• Exercise aim:
Each record below must come back exactly as written; its pictures must not.

*** Excerpted records Section Begins ***

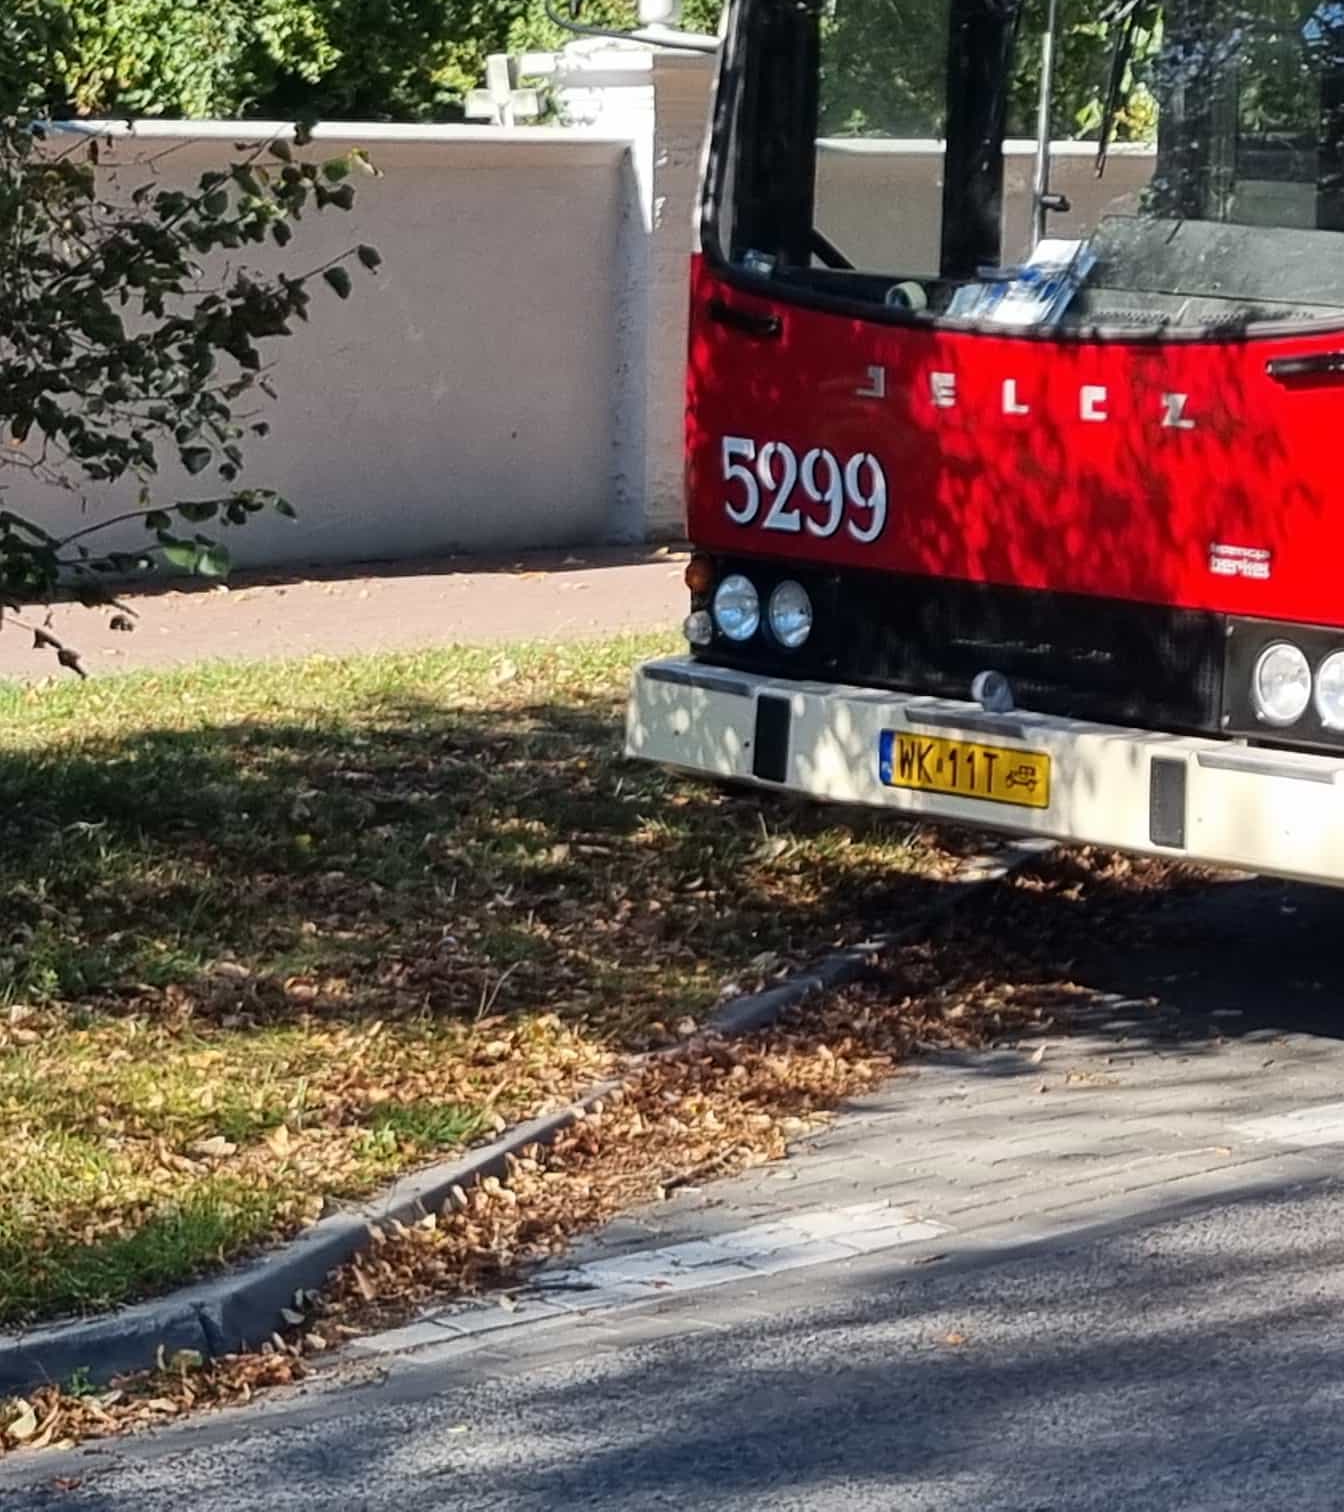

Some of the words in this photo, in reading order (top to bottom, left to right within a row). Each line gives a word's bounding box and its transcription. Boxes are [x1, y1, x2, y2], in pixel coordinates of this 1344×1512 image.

[856, 366, 1195, 430] JELCZ
[722, 435, 888, 542] 5299
[899, 738, 933, 784] WK
[948, 748, 999, 793] 11T

*** Excerpted records Section Ends ***

• Response area:
Some of the words in this photo, in reading order (top to bottom, left to right within a row). Each line gives a word's bounding box and its transcription. Boxes are [x1, y1, x2, y2], in pixel coordinates of this 1344×1512 image.

[856, 366, 1195, 430] JELCZ
[722, 435, 888, 542] 5299
[899, 738, 933, 784] WK
[948, 748, 999, 793] 11T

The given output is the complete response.